Work task: Copy the entries below verbatim, omitting any pictures they contain.

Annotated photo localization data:
□ □ □

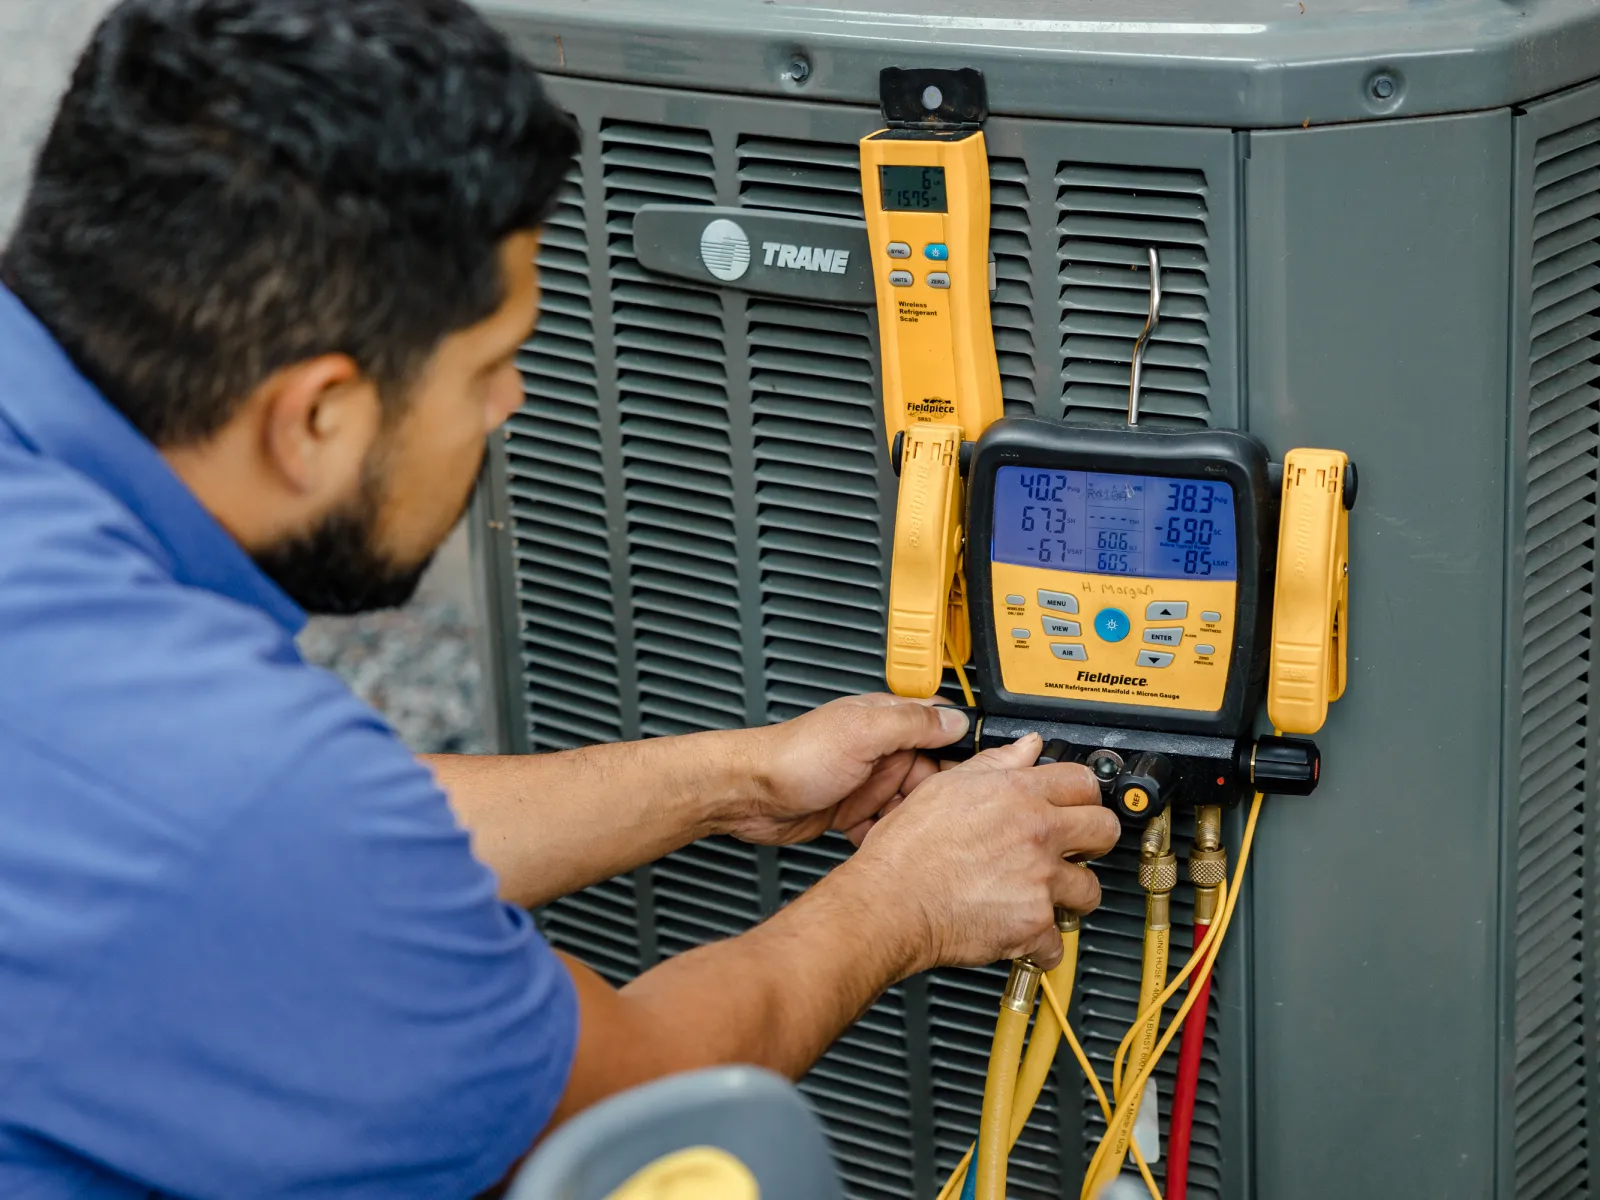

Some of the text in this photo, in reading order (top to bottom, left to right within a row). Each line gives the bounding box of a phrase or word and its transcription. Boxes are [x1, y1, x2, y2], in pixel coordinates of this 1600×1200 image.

[922, 170, 931, 190] 6
[762, 241, 850, 275] TRANE
[898, 301, 928, 309] Wireless
[899, 308, 938, 317] Refrigerant
[906, 402, 955, 414] Fieldpiece
[1166, 483, 1214, 514] 38.3
[1022, 505, 1067, 534] 67.3
[1082, 581, 1096, 593] H.
[1046, 599, 1067, 607] MENU
[1151, 633, 1173, 642] ENTER
[1061, 649, 1074, 657] AIR
[1076, 670, 1148, 687] Fieldpiece
[1065, 684, 1101, 693] Refrigerant
[1101, 687, 1130, 696] Manifold
[1136, 690, 1159, 698] Micron
[1159, 692, 1180, 700] Gauge
[1131, 792, 1141, 807] REF
[1154, 956, 1164, 979] HOSE

□ □ □

Result of the task:
Some of the text in this photo, in reading order (top to bottom, left to right within a row). Each line gives the bounding box of a phrase or word and its transcription. Boxes are [x1, y1, x2, y2], in pixel coordinates of this 1600×1200 image.

[922, 170, 931, 190] 6
[762, 241, 850, 275] TRANE
[898, 301, 928, 309] Wireless
[899, 308, 938, 317] Refrigerant
[906, 402, 955, 414] Fieldpiece
[1166, 483, 1214, 514] 38.3
[1022, 505, 1067, 534] 67.3
[1082, 581, 1096, 593] H.
[1046, 599, 1067, 607] MENU
[1151, 633, 1173, 642] ENTER
[1061, 649, 1074, 657] AIR
[1076, 670, 1148, 687] Fieldpiece
[1065, 684, 1101, 693] Refrigerant
[1101, 687, 1130, 696] Manifold
[1136, 690, 1159, 698] Micron
[1159, 692, 1180, 700] Gauge
[1131, 792, 1141, 807] REF
[1154, 956, 1164, 979] HOSE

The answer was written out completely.